- CEO of South African IoT startup steps down in what appears abrupt decision.
- Move comes despite repeated talking-up of IoT.nxt’s progress and potential by parents Vodacom and Vodafone.
- Statement highlights new leadership will steer IoT.nxt’s “journey of globalisation” under Vodacom’s stewardship.
Nico Steyn, Chief Executive and co‑founder of IoT.nxt, is to step down as the startup prepares for what he called a “next phase of commercialisation and corporatisation” under parent Vodacom Group.
The South African — who founded IoT.nxt with partners Terje Moen and Bertus Jacobs in 2015, and continued to lead it following its 51%‑buyout by Vodacom in 2019 (Vodafonewatch, #174) — said he will remain a shareholder and board director at the enterprise Internet of Things specialist.
Hinting at an abrupt and unplanned switch, the business is to be managed on an interim basis by Shane Cooper, a recent hire as Managing Director of IoT.nxt Africa.
No warning signals
No reasons were provided for the change — which comes as something of a surprise, given IoT.nxt only recently realigned its senior management and has appeared to be continuing to deliver for Vodacom during the pandemic.
In its latest quarterly results, for the three months to 31 December 2020, the South African operator claimed 39.1% growth in overall IoT revenue, and CEO Shameel Joosub pointed to further traction in commercial tie‑ups between IoT.nxt and Vodafone businesses around key products, including its Raptor base station monitoring technology, CoVision smart-buildings system, and mobile private networks (Vodafonewatch, passim).
“ IoT.nxt is a South African subsidiary but we’re now selling our services as far afield as California. We’ve had some really nice uptake of the platform by Vodafone UK, Vodafone Netherlands [VodafoneZiggo], Vodafone Germany. So it is being embedded more and more into the Vodafone group. Of course not all that revenue is flowing yet, but… let’s say it’s a very credible story. ”
— Joosub, speaking in early-February.
There were some suggestions in IoT.nxt’s statement that IoT.nxt’s closer integration with its parents had had at least a partial role in Steyn’s resignation.

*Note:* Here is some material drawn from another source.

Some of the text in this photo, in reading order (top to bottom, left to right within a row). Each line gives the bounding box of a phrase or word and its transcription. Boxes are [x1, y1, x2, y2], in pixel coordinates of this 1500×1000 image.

“ I will now focus my time and effort in areas of the business that I most enjoy and where I can continue to add meaningful value. ”
“ As a founder making this decision is not easy. However, I know the exceptional executive team that we have assembled over the past 18 months is well positioned to embrace the next phase of commercialisation and corporatisation that is required for IoT.nxt’s journey of globalisation. ”

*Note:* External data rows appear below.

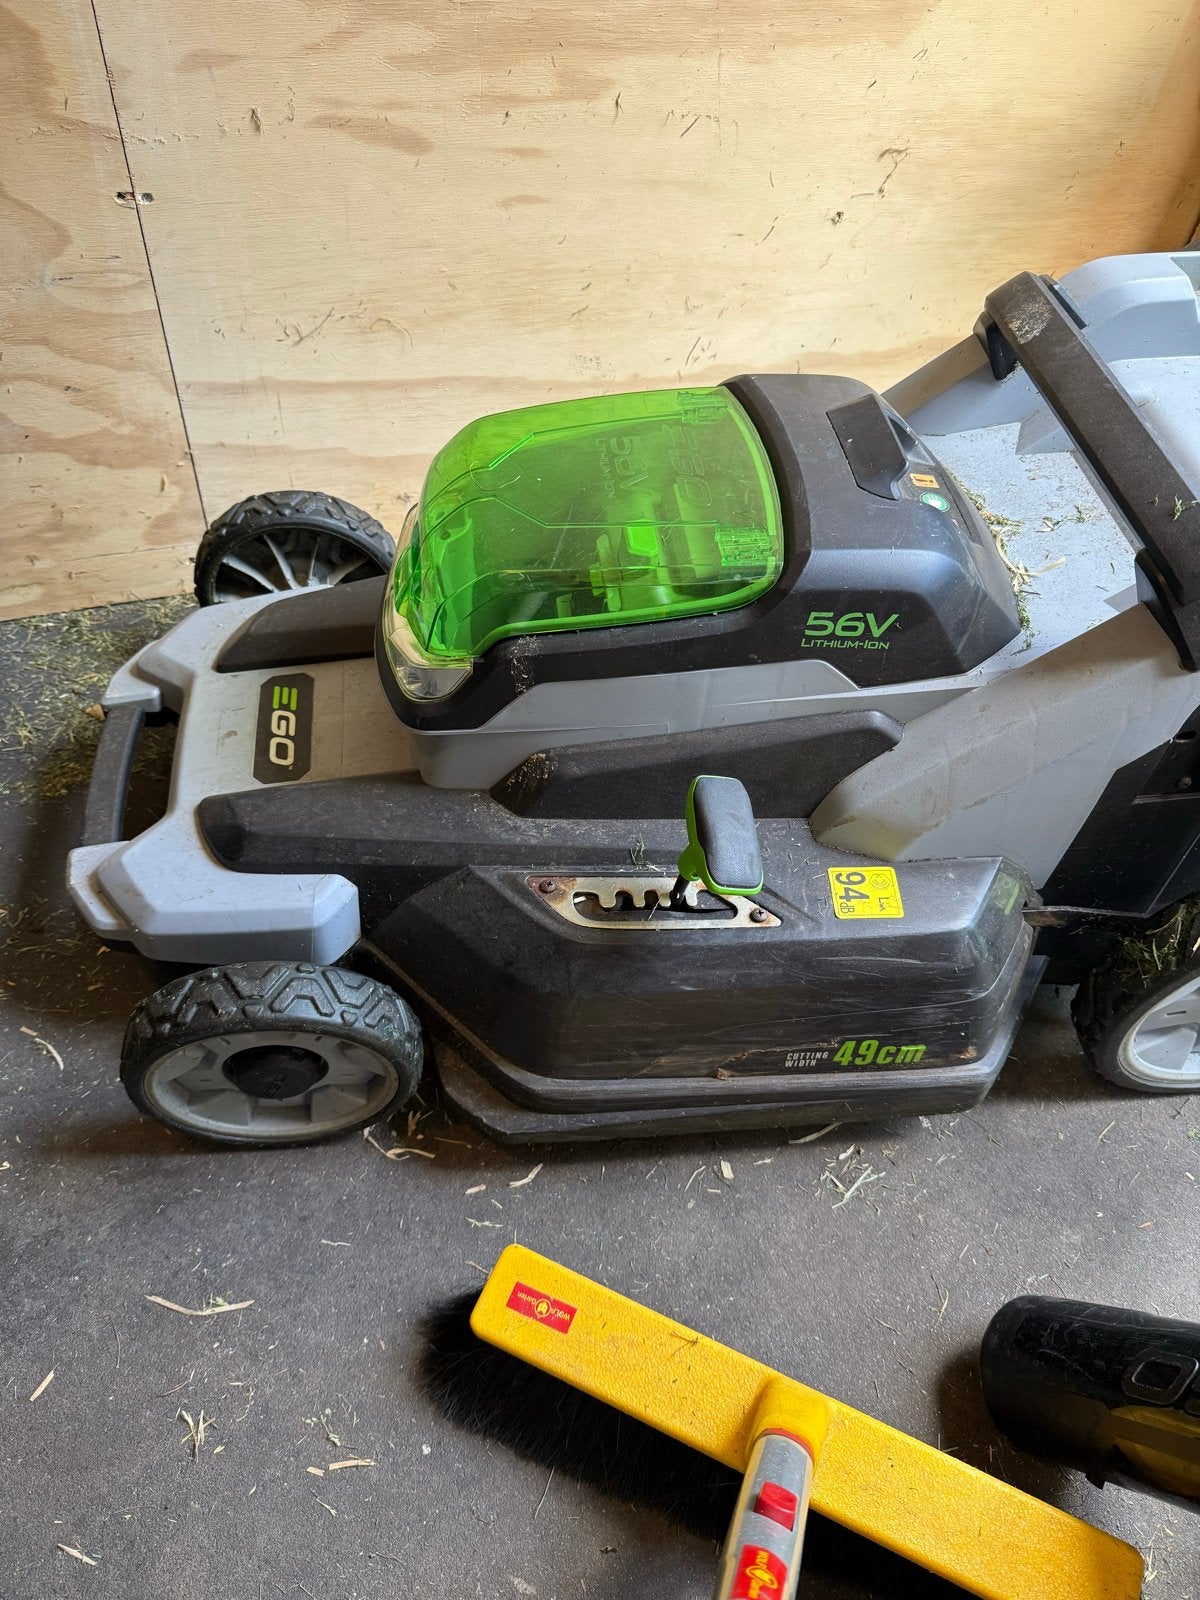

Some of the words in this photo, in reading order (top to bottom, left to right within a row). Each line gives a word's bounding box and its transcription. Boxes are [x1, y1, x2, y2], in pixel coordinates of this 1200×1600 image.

[804, 611, 899, 638] 56V
[269, 686, 298, 766] EGO
[835, 871, 870, 902] 94
[785, 1059, 817, 1068] WIDTH
[786, 1051, 829, 1060] CUTTING
[832, 1039, 927, 1066] 49cm

“ Going forward, as we settle into the new managerial structure, we will be reviewing the leadership requirements in critical areas of the business with a view to ensure we continue to deliver on our strategic objectives and global aspirations. ”
— Wayne Fitzjohn, Chairman, IoT.nxt.
Neither Vodacom nor Vodafone have an unblemished record, over the years, when it comes to buying in innovation by acquiring startups and melding them into their corporate structure. However, Steyn had pointed to a healthy relationship with its parent as recently as mid‑2020, saying Vodacom had allowed IoT.nxt to continue to operate as an independent unit within the group. “We had been worried about losing control of the business”, he admitted, but added that “Vodacom has been a great partner”.